Note: All critical fields of content-level pages must be properly mapped, including fields like category, timestamp, paywall status, content type, etc. before policies are created in Policy Builder. This step is completed by Taboola’s Professional Services team, although many of the mappings are done as part of initial onboarding with Taboola.

Example: An article might contain structured data such as:

<meta property=”og:type” content=”article”/>

<meta name=”is-wirestory” content=”false”/>

<meta property=”article:opinion” content=”true”/>

These could be used to, for example, to create rules that include or exclude wire service content or opinion content or restrict recommendations to articles only. 

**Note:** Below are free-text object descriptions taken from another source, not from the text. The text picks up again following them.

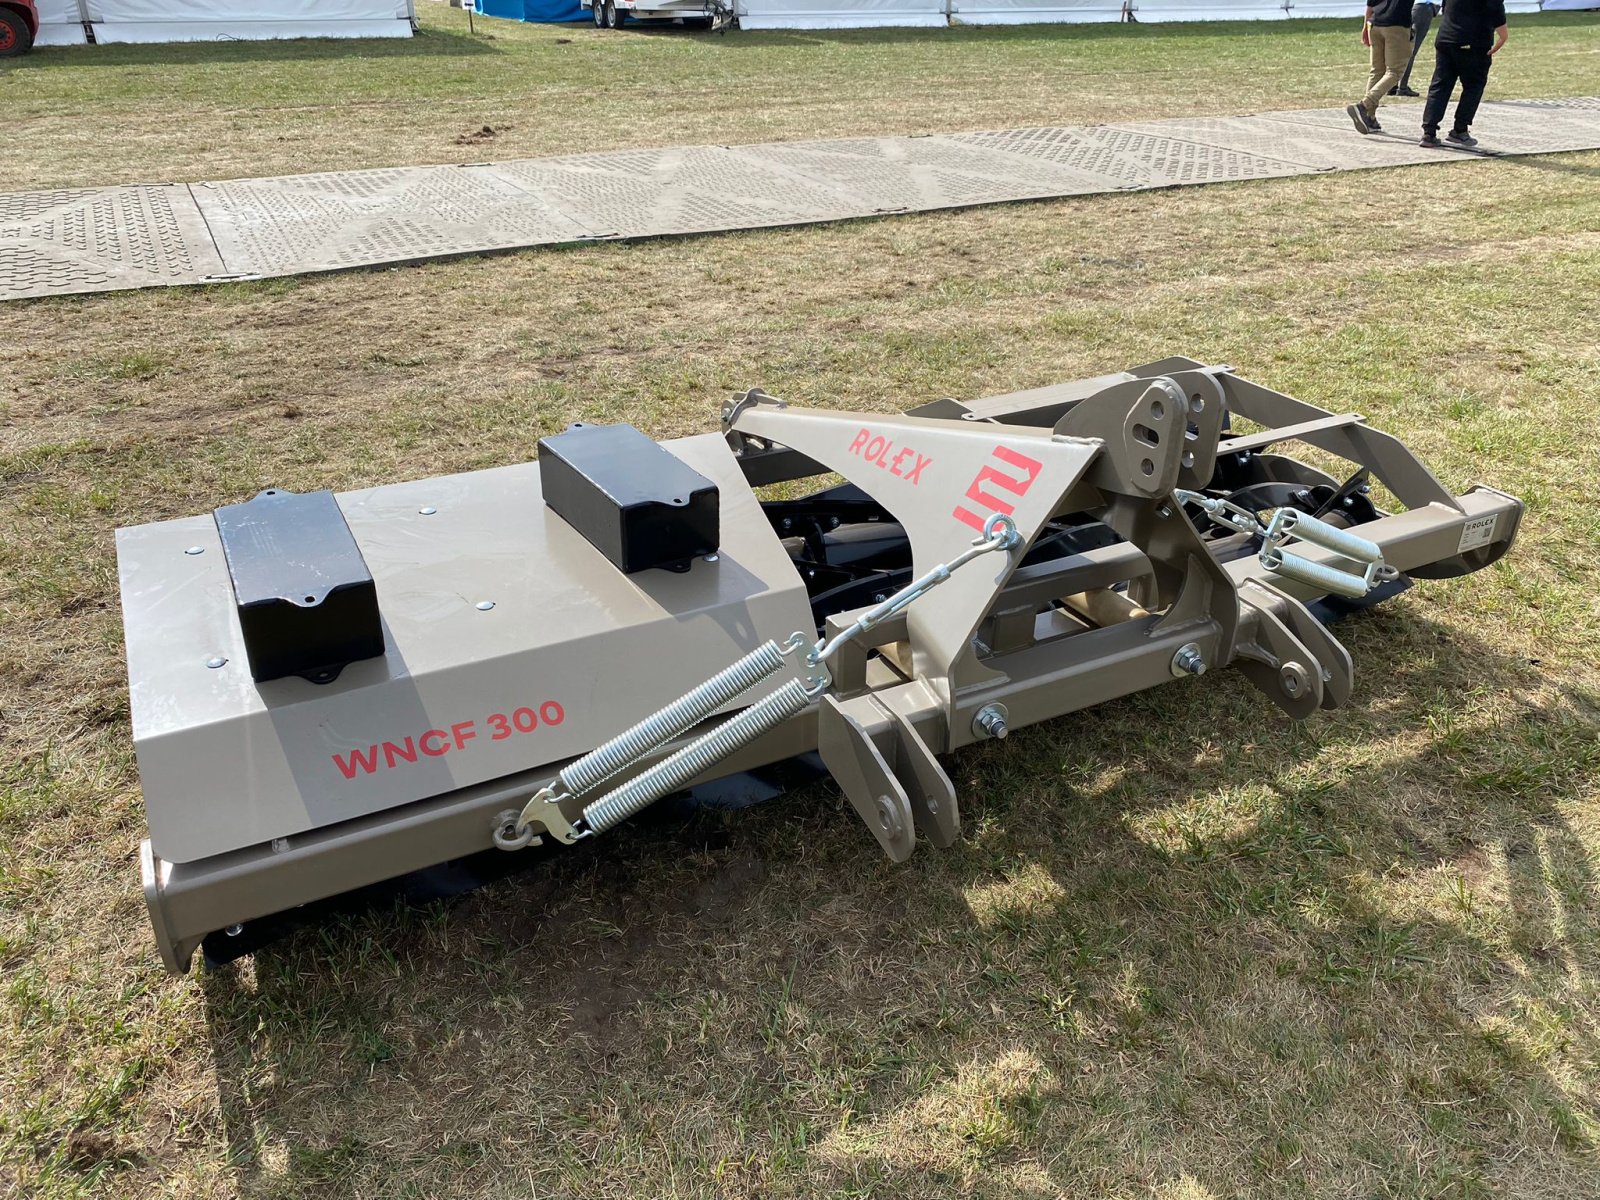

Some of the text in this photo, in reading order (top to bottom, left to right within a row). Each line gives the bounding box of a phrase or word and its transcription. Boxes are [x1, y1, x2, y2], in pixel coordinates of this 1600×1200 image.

[848, 428, 933, 486] ROLEX
[1472, 518, 1494, 529] ROLEX
[331, 700, 565, 780] WNCF 300
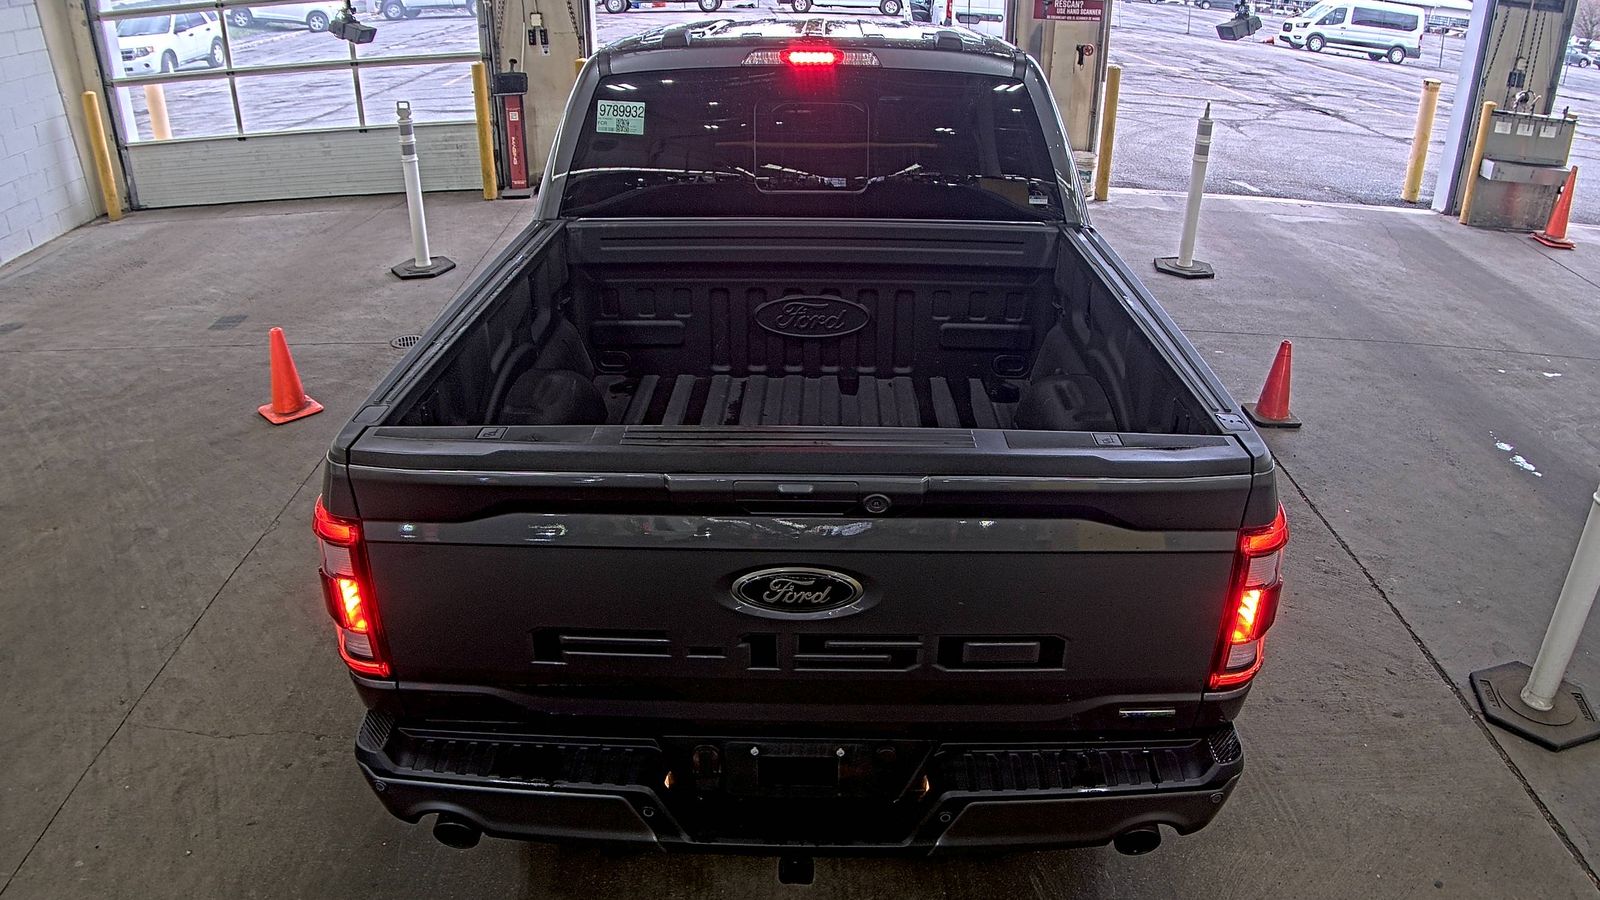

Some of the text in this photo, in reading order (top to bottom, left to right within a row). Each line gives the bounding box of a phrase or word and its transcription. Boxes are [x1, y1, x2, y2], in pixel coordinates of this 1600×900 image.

[1054, 0, 1084, 8] RESCAN?
[599, 103, 645, 118] 9789932
[775, 301, 847, 329] Ford
[763, 578, 832, 603] Ford
[529, 626, 1069, 672] F-150

Please contact your account manager if some properties are not mapped and available in Policy Builder.

 

POLICY TYPES

There are currently two types of policies in Homepage For You: Page Policies and Region Policies. They exist in a hierarchy where the properties of Page Policies cascade down to Region Policies. Both are created and edited within Policy Builder.

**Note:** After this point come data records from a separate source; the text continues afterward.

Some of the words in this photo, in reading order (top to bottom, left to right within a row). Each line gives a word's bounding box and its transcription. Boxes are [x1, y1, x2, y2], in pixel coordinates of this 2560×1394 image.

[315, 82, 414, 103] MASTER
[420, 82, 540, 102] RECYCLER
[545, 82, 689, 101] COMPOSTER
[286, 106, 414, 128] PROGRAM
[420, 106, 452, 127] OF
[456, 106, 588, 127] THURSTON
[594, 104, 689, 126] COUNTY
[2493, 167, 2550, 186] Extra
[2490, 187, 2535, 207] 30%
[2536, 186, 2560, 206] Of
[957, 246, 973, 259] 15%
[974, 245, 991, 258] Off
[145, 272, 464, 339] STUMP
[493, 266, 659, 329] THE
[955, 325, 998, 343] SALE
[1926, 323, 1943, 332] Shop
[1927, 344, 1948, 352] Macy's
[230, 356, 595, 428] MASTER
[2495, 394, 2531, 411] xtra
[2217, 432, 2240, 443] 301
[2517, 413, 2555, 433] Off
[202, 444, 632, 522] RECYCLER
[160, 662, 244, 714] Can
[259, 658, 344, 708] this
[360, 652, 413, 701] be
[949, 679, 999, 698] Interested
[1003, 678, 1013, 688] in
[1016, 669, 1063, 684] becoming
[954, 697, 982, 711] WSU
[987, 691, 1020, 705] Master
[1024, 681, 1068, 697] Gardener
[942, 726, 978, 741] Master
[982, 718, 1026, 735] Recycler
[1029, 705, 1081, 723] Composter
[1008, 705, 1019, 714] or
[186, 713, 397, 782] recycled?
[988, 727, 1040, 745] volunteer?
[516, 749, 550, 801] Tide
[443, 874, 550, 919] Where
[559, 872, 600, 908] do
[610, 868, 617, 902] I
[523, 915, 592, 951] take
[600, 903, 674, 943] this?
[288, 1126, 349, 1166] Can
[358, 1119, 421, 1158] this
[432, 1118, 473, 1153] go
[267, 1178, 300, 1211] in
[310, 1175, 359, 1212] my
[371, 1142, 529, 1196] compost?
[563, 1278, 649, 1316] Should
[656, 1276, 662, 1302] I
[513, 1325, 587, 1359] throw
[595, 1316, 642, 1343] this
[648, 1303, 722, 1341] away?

Note: The action of creating a policy is separate from attaching it to a region on a homepage. Policies can exist without being associated with a region and regions can exist without policies (although without policies those regions won’t contain personalized recommendations).

 

A. Page Policy

A Page Policy contains properties that are inherited by all Region Policies on a single page. For example, if you exclude all sports betting content by URL — /sports/betting/ — in a Page Policy on the homepage, all Region Policies attached to regions on that site’s homepage will inherit that exclusion, regardless of the number of regions. Each page can only have a single Page Policy, however. 

Note: You cannot manually attach a Page Policy to a region on a page. Page Policies exist as an efficiency to set page-wide rules via inheritance to Region Policies.

 

B. Region Policy

A Region Policy is the primary bundle of rules which govern recommendation on an area of a page.

  • A Region Policy can be applied to a single region or multiple regions on a page. 
  • A region can only have one region-level policy attached.
  • Region Policies will inherit inclusions and exclusions from Page Policies, as detailed above.

 

POLICY BUILDER NAVIGATION

The primary Policy Builder UI consists of two pages: a lobby page displaying the existing policies and a detail page where policies are created or edited.

 

A. Policy Builder lobby page

The Policy Builder lobby page provides an overview of all existing content policies, showing: name, inventory, policy type, regions in use, last modified date and the user taking that last action. It also has a search function that filters on policy name.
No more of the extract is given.